Le trait de Michel Herreria décrit souvent un homme, des hommes, figures génériques d’une humanité noyée dans le flot verbeux du discours. Comme l’indique le titre d’une de ses peintures sur papier, ces hommes sont « évidés » par la violence sourde des rapports économiques et sociaux, pris dans les rouages de machines célibataires telles que les décriventDeleuze et Guattari « surfaces d’enregistrement, corps sans organes (...) l’essentiel est l’établissement d’une surface enchantée d’inscription ou d’enregistrement qui s’attribue toutes les forces productives et les organes de production, et qui agit comme quasi-cause en leur communiquant le mouvement apparent » et que Herreria évoque de façon récurrente. Les circonvolutions du trait deviennent aussi les cursives des mentions manuscrites qui apparaissent souvent dans l’œuvre de l’artiste.

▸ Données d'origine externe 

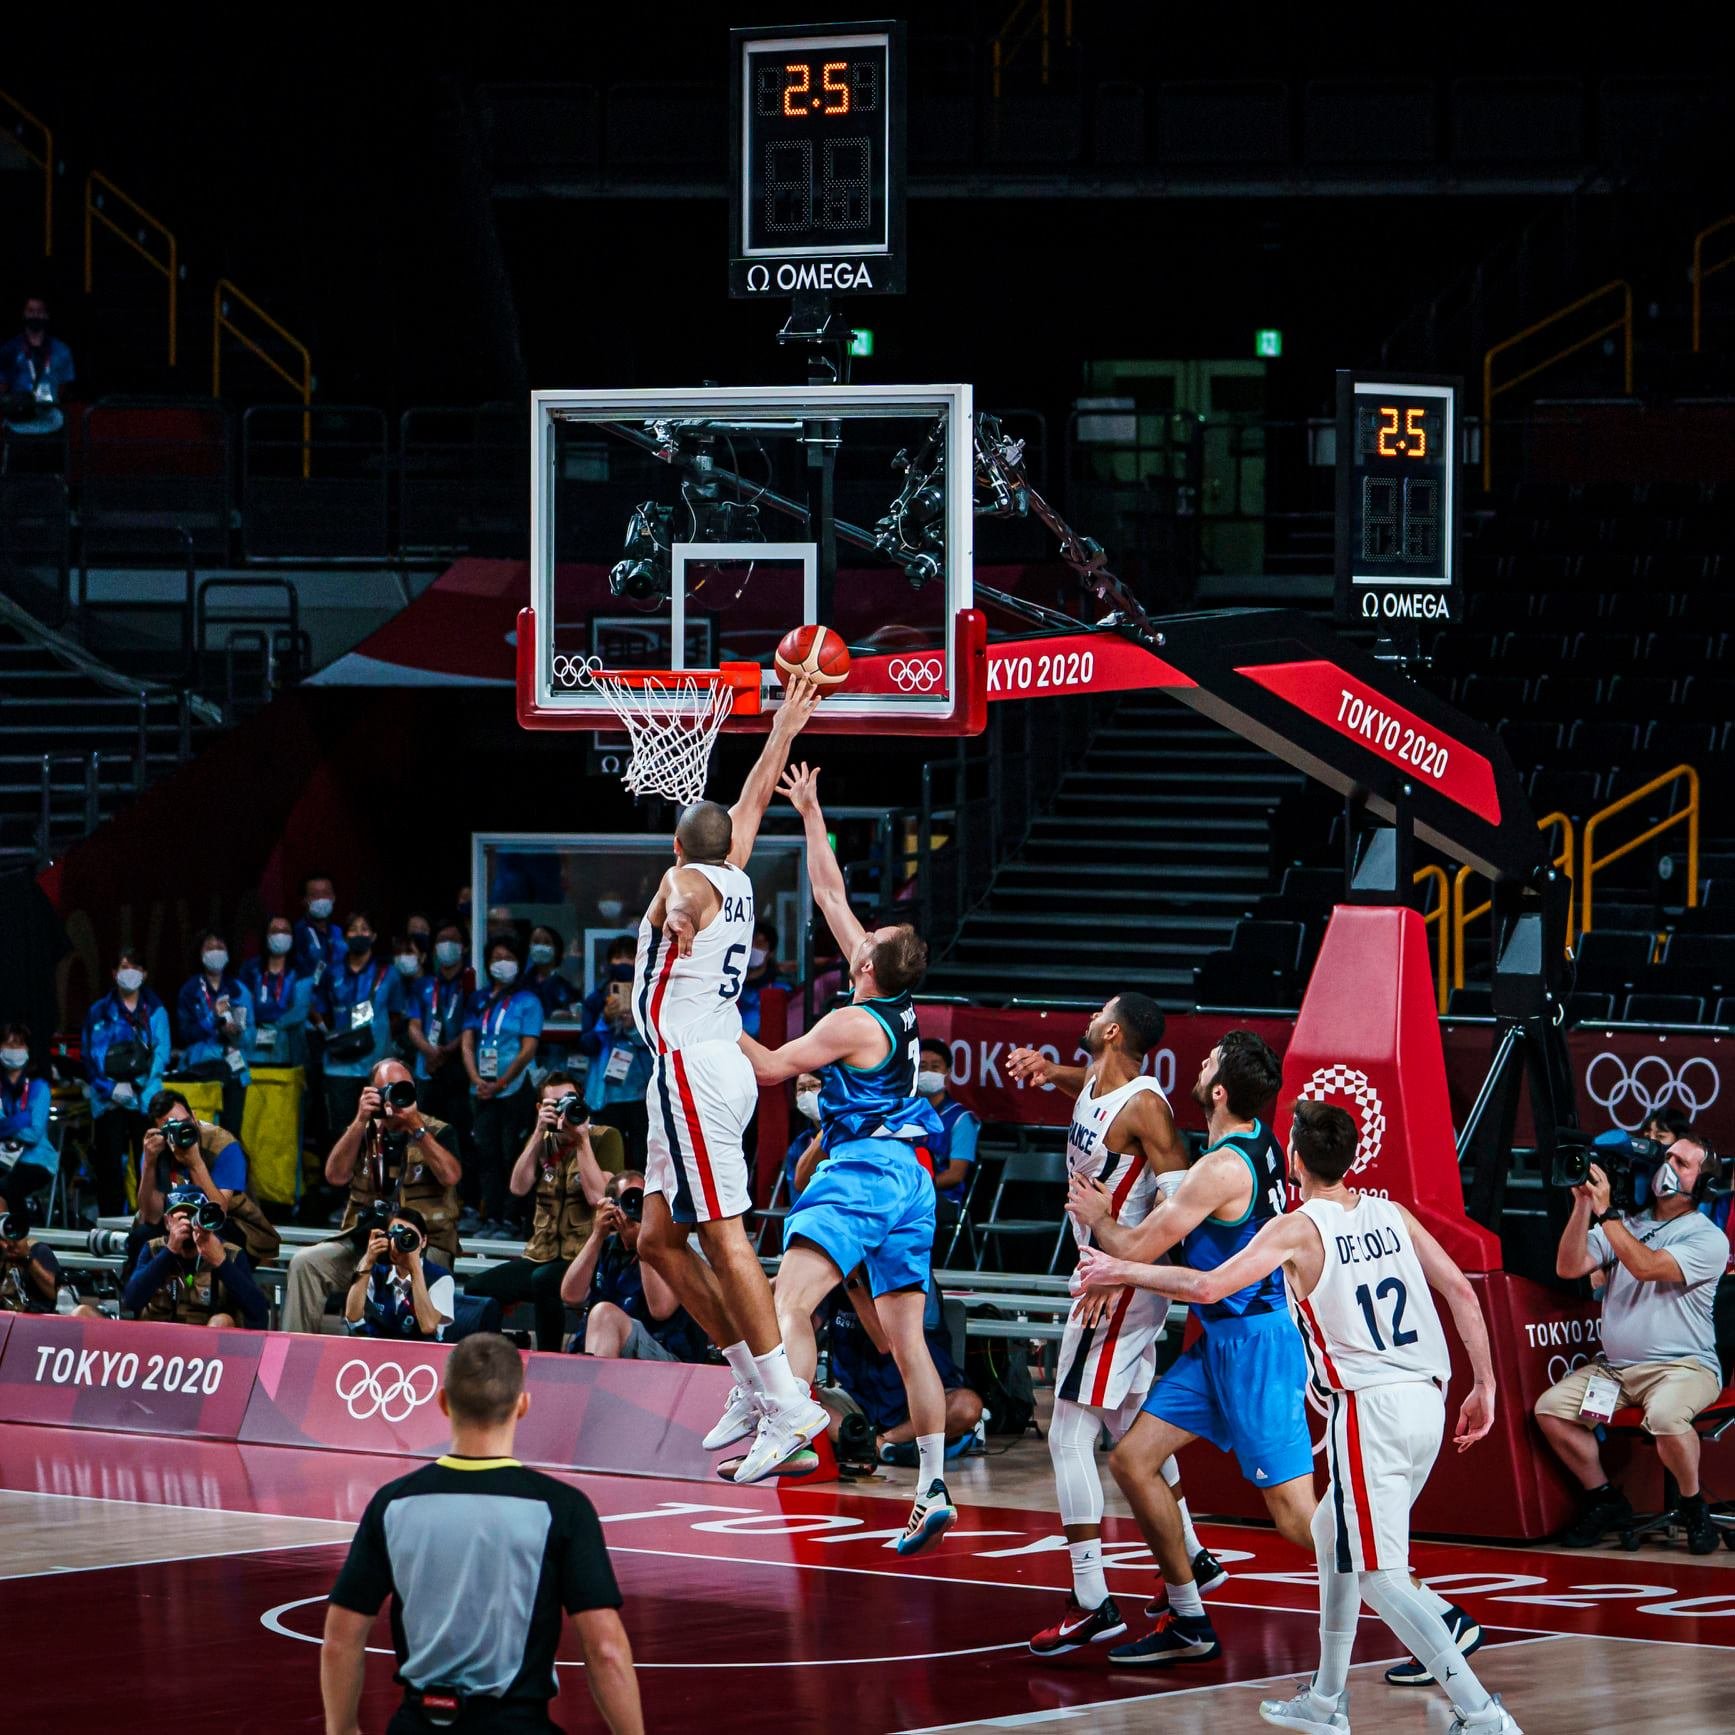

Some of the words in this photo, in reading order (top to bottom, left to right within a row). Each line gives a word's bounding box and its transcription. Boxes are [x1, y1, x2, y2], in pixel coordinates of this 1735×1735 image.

[784, 62, 849, 116] 2.5
[776, 262, 873, 290] OMEGA
[1378, 407, 1426, 457] 2.5
[1383, 593, 1450, 619] OMEGA
[986, 657, 1033, 692] KYO
[1037, 651, 1094, 688] 2020
[1337, 689, 1401, 751] TOKYO
[1398, 728, 1449, 779] 2020
[724, 896, 753, 922] BAT
[718, 943, 746, 999] 5
[1069, 1121, 1098, 1156] ANCE
[1335, 1234, 1360, 1265] DE
[1355, 1276, 1419, 1352] 12
[1524, 1320, 1583, 1348] TOKYO
[1585, 1317, 1602, 1342] 20
[35, 1345, 139, 1390] TOKYO
[141, 1355, 225, 1396] 2020

Ces mentions peuvent matérialiser le cheminement d’une pensée en mouvement, en train de s’objectiver dans la constitution du dessin sur lequel elles figurent. Elles sont aussi des adresses, des questions prenant à témoin le spectateur, ou des titres, dénominations souvent ironiques du motif dessiné : tabulateur humain, bloc mangeur d’horizons ou effaceur de mémoire. Ressort privilégié de la dimension humoristique de l’œuvre, elles désignent la double identité du langage, à la fois source de plaisir dans son acception littéraire ou comme élément essentiel de la communication entre les hommes et vecteur sournois de l’aliénation servant à masquer les réalités les plus crûes.

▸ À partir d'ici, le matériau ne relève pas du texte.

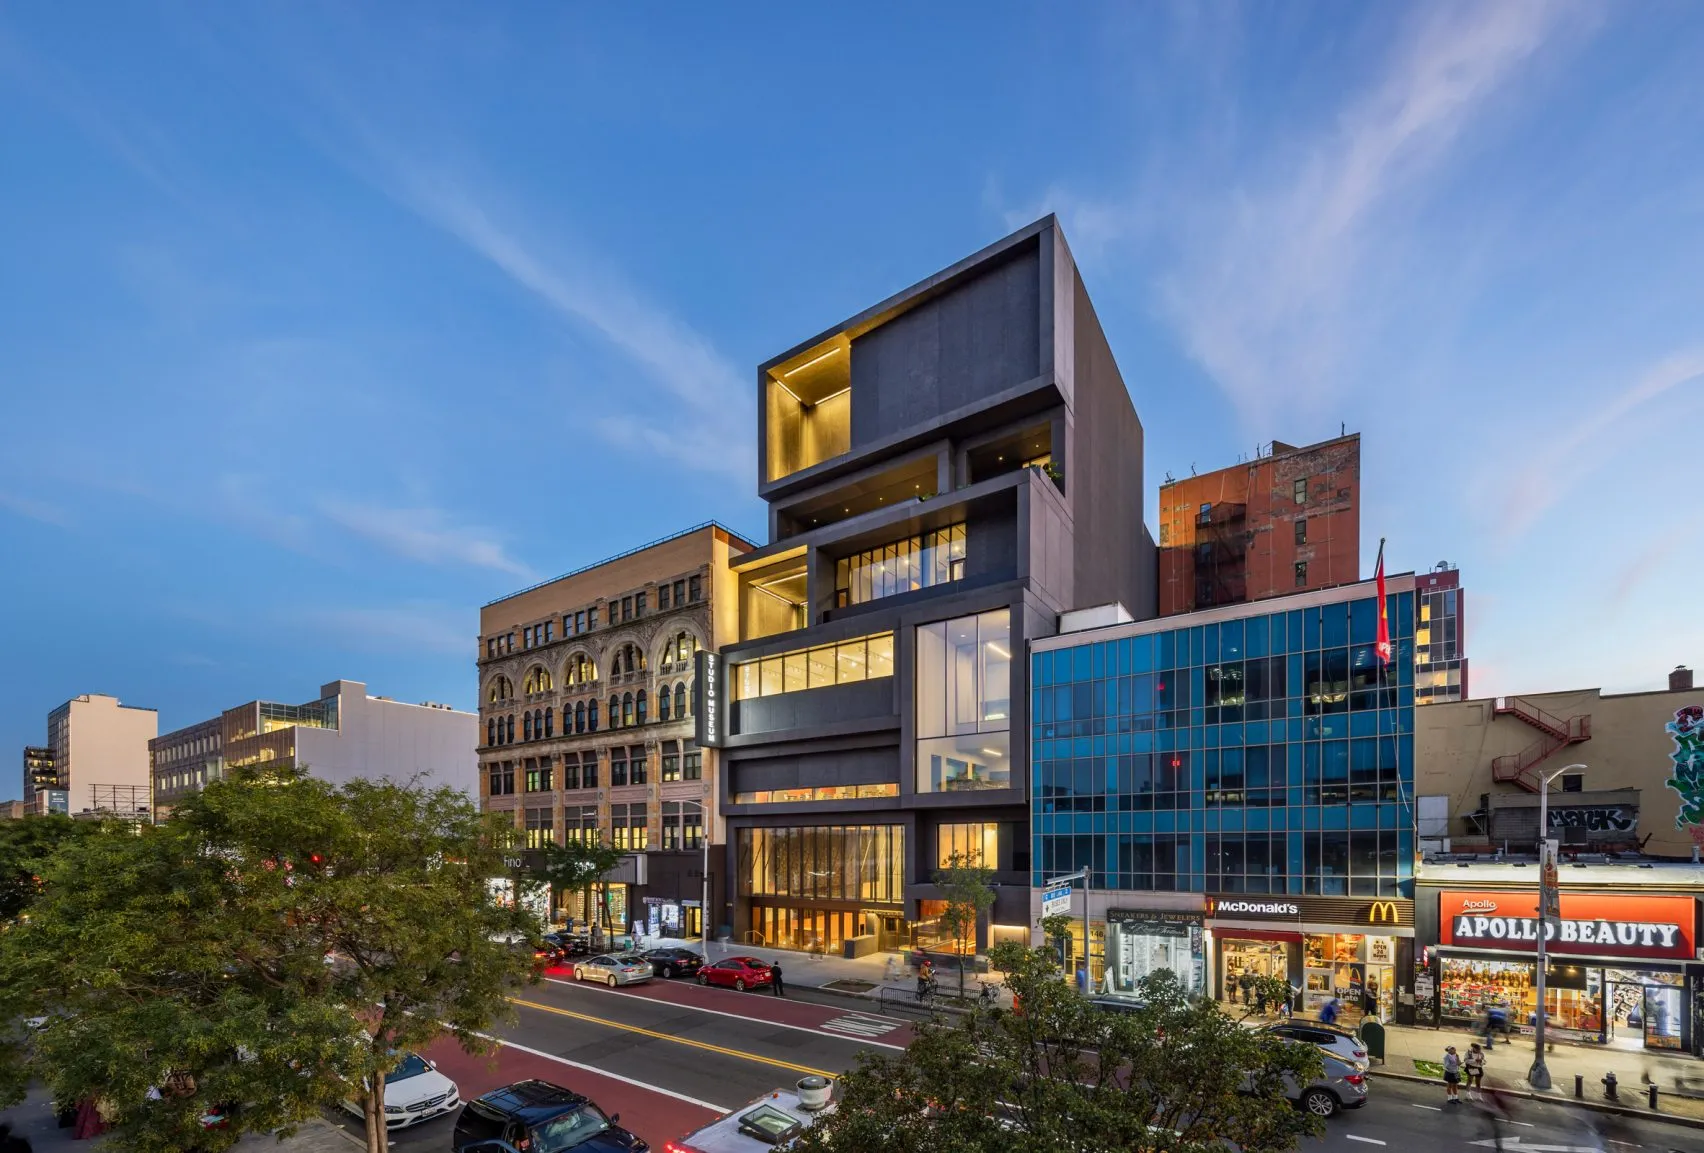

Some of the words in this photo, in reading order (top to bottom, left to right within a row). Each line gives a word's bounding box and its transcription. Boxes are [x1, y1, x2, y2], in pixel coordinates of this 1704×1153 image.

[707, 654, 715, 697] STUDIO
[707, 699, 715, 742] MUSEUM
[1218, 901, 1298, 914] McDonald's
[1463, 899, 1496, 909] Apollo
[1109, 911, 1149, 920] SNEAKERS
[1160, 912, 1201, 921] JEWELERS
[1456, 916, 1554, 941] APOLLO
[1560, 920, 1679, 947] BEAUTY
[1337, 987, 1361, 996] OPEN
[1339, 994, 1359, 1002] Late

Il y a, on l’aura compris, dans l’œuvre d’Herreria, une volonté de déjouer les stratégies du discours, un désir de rendre lisible les lignes de force qui sous-tendent un réel que sa complexité rend difficilement appréhendable. Cette entreprise de mise au jour est emblématiquement visible dans la pratique largement utilisée par l’artiste du dessin sur carte à gratter, dont le procédé consiste à faire apparaître par prélèvement de la matière des motifs dans l’opacité étale d’une surface noire.Car c’est bien dans ses solutions plastiques que l’œuvre d’Herreria puise ses ressources. Nourrie d’un goût pour la logique et la beauté tautologique de la démonstration, elle ne se prive pas des plaisirs d’une pratique graphique ou picturale assumant joyeusement sa subjectivité. Mais quand Herreria s’empare comme dans Silice d’anglet de la forme canoniquement liée a l’art minimal qu’est le cube, il la réalise comme un contentant en verre rempli de sable, ou silice, la matière même qui sert à faire le verre.Refusant la pureté essentialiste de la concentration sur une pratique unique, Herreria apparaît comme un homme orchestre dont l’œuvre fonctionne par sa nature même comme une parabole de la complexité qu’elle décrit. Fractionnée, foisonnante, elle s’inscrit dans une tradition qui innerve l’histoire du XXe siècle, de Dada aux Nouveaux Réalistes, celle d’un art qui tire l’énergie du renouvellement de ses questionnements plastiques dans une certaine conscience historique. Du paradoxe entre l’impossibilité à circonscrire et dénombrer les éléments du réel et l’adéquation par équivalence d’une œuvre à cette dimension insaisissable naît une tension, peut-être le nécessaire combustible de la création.